→ EXERCISE DESCRIPTION: Each entry here needs to be given again exactly.
- - - - - - -
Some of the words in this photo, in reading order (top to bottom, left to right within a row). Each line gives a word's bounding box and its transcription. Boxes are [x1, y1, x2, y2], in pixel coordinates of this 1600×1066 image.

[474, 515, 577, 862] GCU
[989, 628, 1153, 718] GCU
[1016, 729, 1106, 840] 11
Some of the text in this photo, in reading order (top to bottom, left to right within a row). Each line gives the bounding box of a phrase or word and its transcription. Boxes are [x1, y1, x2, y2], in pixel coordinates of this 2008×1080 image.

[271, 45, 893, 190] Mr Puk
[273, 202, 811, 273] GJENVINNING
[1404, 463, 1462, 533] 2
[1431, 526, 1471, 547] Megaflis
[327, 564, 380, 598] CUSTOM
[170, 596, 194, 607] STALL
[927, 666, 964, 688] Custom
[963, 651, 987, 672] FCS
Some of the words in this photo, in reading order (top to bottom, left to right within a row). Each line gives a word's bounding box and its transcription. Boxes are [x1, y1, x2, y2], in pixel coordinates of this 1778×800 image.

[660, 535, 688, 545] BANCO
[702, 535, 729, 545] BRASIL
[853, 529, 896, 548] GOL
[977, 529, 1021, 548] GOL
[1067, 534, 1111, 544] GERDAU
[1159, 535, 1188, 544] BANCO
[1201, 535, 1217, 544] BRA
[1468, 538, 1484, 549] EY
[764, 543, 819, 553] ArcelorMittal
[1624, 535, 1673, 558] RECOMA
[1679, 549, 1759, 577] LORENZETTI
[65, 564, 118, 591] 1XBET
- - - - - - -
→ TASK SOLUTION:
Some of the words in this photo, in reading order (top to bottom, left to right within a row). Each line gives a word's bounding box and its transcription. Boxes are [x1, y1, x2, y2], in pixel coordinates of this 1600×1066 image.

[474, 515, 577, 862] GCU
[989, 628, 1153, 718] GCU
[1016, 729, 1106, 840] 11
Some of the text in this photo, in reading order (top to bottom, left to right within a row). Each line gives the bounding box of a phrase or word and its transcription. Boxes are [x1, y1, x2, y2], in pixel coordinates of this 2008×1080 image.

[271, 45, 893, 190] Mr Puk
[273, 202, 811, 273] GJENVINNING
[1404, 463, 1462, 533] 2
[1431, 526, 1471, 547] Megaflis
[327, 564, 380, 598] CUSTOM
[170, 596, 194, 607] STALL
[927, 666, 964, 688] Custom
[963, 651, 987, 672] FCS
Some of the words in this photo, in reading order (top to bottom, left to right within a row). Each line gives a word's bounding box and its transcription. Boxes are [x1, y1, x2, y2], in pixel coordinates of this 1778×800 image.

[660, 535, 688, 545] BANCO
[702, 535, 729, 545] BRASIL
[853, 529, 896, 548] GOL
[977, 529, 1021, 548] GOL
[1067, 534, 1111, 544] GERDAU
[1159, 535, 1188, 544] BANCO
[1201, 535, 1217, 544] BRA
[1468, 538, 1484, 549] EY
[764, 543, 819, 553] ArcelorMittal
[1624, 535, 1673, 558] RECOMA
[1679, 549, 1759, 577] LORENZETTI
[65, 564, 118, 591] 1XBET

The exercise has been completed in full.